Items from a dataset:
'''

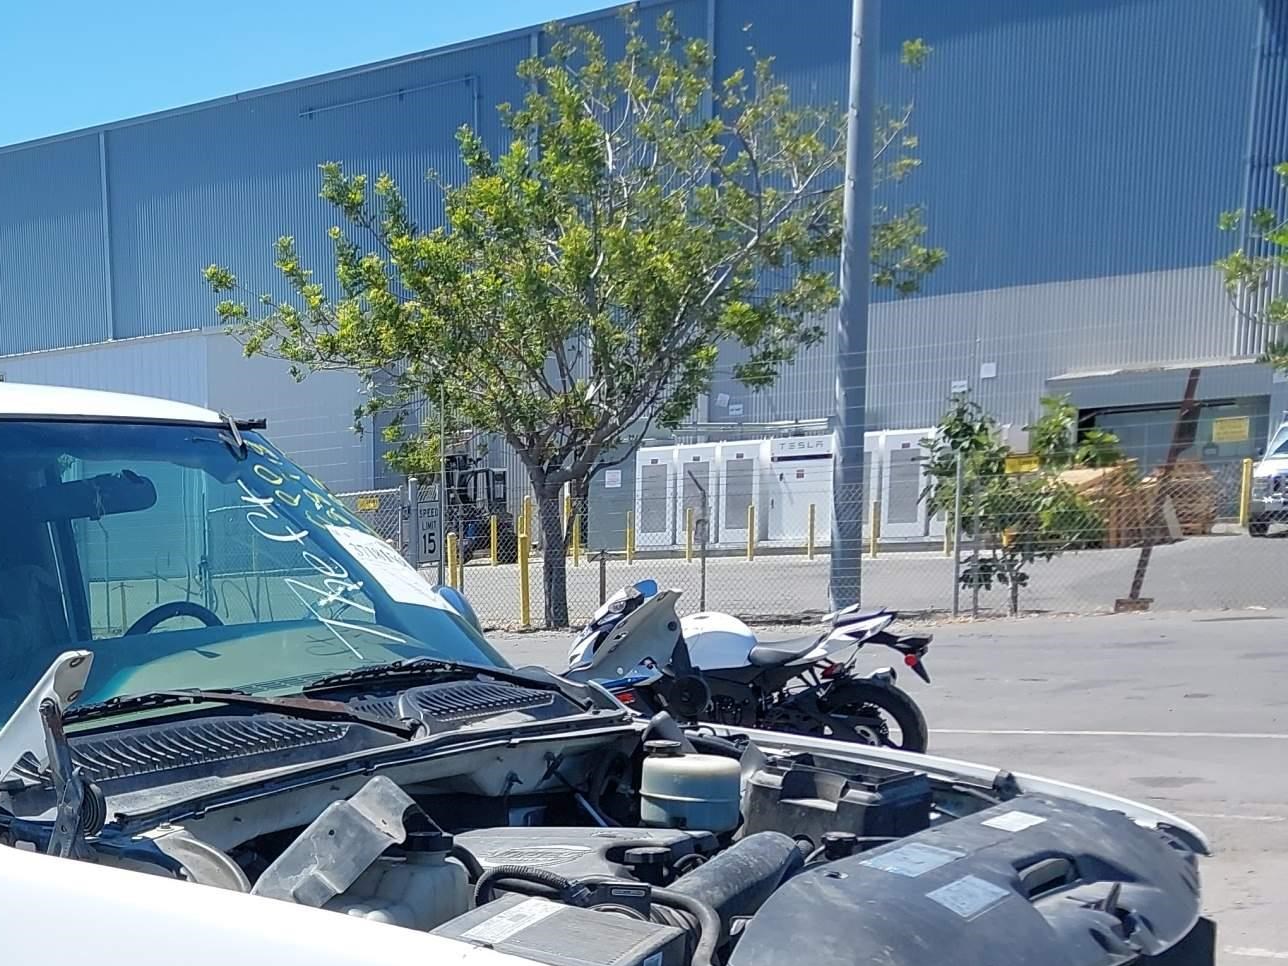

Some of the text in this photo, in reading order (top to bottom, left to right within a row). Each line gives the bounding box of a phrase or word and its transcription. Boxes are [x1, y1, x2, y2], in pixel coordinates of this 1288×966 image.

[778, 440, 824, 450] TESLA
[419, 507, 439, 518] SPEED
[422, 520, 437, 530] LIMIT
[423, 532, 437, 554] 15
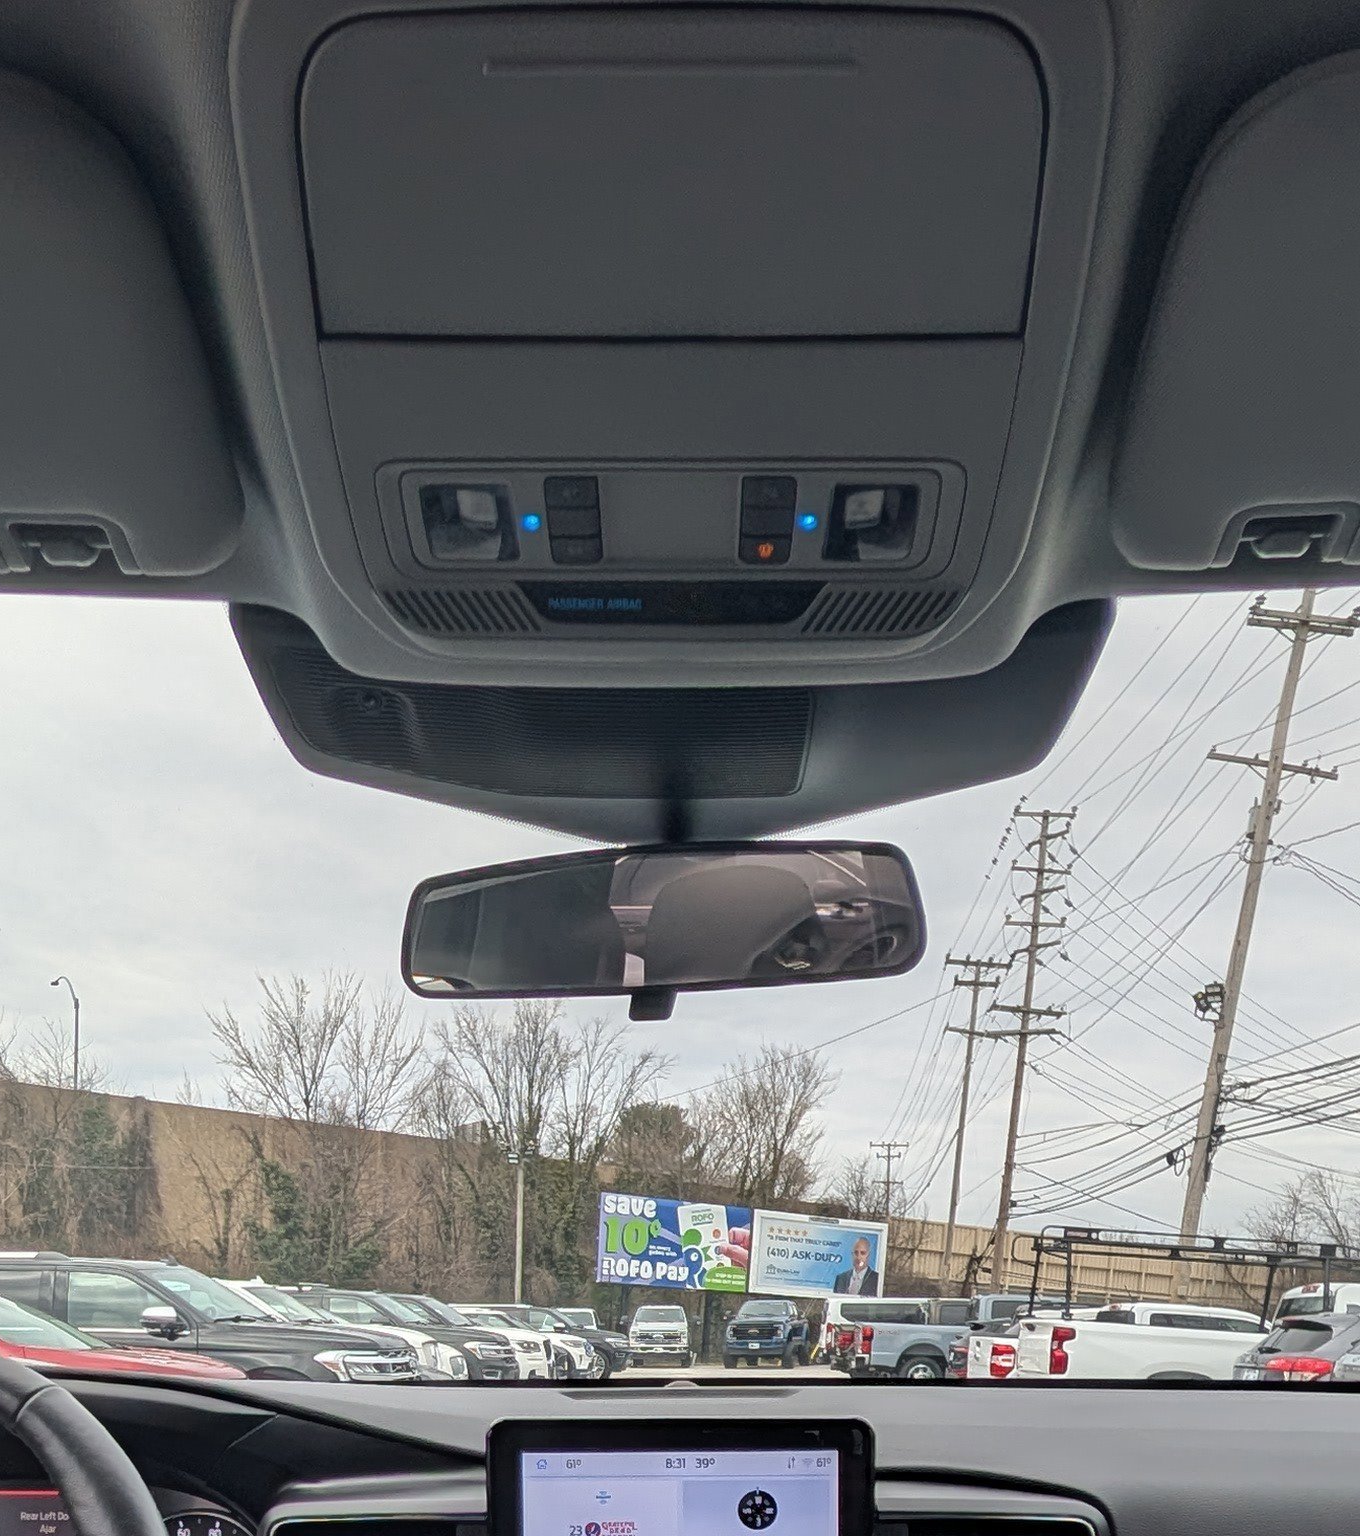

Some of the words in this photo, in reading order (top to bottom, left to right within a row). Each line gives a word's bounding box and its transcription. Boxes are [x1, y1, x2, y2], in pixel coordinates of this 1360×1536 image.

'''
'''

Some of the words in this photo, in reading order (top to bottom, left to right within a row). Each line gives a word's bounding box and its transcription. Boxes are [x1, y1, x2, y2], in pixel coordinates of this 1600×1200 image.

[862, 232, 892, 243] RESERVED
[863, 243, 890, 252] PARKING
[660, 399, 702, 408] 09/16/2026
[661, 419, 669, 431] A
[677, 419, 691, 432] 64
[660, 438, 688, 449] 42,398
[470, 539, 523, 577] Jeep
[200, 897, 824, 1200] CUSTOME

'''
'''

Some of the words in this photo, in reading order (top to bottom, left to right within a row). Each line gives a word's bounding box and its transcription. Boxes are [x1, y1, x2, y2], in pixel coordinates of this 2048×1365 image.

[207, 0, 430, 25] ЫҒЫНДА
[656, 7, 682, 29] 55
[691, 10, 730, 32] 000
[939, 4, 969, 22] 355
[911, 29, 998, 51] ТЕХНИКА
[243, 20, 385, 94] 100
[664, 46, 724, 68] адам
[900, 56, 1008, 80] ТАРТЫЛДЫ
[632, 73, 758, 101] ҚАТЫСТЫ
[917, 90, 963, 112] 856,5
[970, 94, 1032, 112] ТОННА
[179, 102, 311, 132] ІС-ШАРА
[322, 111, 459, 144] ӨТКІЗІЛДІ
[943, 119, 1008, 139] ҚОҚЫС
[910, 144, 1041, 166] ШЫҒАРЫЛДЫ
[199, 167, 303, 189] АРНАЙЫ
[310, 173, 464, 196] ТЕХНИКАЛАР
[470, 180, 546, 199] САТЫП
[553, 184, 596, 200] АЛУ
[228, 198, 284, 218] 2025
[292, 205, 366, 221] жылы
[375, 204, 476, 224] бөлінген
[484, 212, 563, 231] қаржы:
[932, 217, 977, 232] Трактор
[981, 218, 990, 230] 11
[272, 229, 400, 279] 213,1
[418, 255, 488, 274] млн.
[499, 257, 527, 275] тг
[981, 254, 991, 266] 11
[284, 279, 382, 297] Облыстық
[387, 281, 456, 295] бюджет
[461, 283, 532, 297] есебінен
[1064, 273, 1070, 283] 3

'''

**Problem to work on:** From the data above, return exactly the lines from the one with "Some of the text" up to and including the one with "this 1360×1536 image.". Pictures do not go in the copy.

**Your response:**
Some of the text in this photo, in reading order (top to bottom, left to right within a row). Each line gives the bounding box of a phrase or word and its transcription. Boxes are [x1, y1, x2, y2], in pixel coordinates of this 1288×966 image.

[778, 440, 824, 450] TESLA
[419, 507, 439, 518] SPEED
[422, 520, 437, 530] LIMIT
[423, 532, 437, 554] 15

Some of the words in this photo, in reading order (top to bottom, left to right within a row). Each line gives a word's bounding box and its transcription. Boxes are [x1, y1, x2, y2], in pixel coordinates of this 1360×1536 image.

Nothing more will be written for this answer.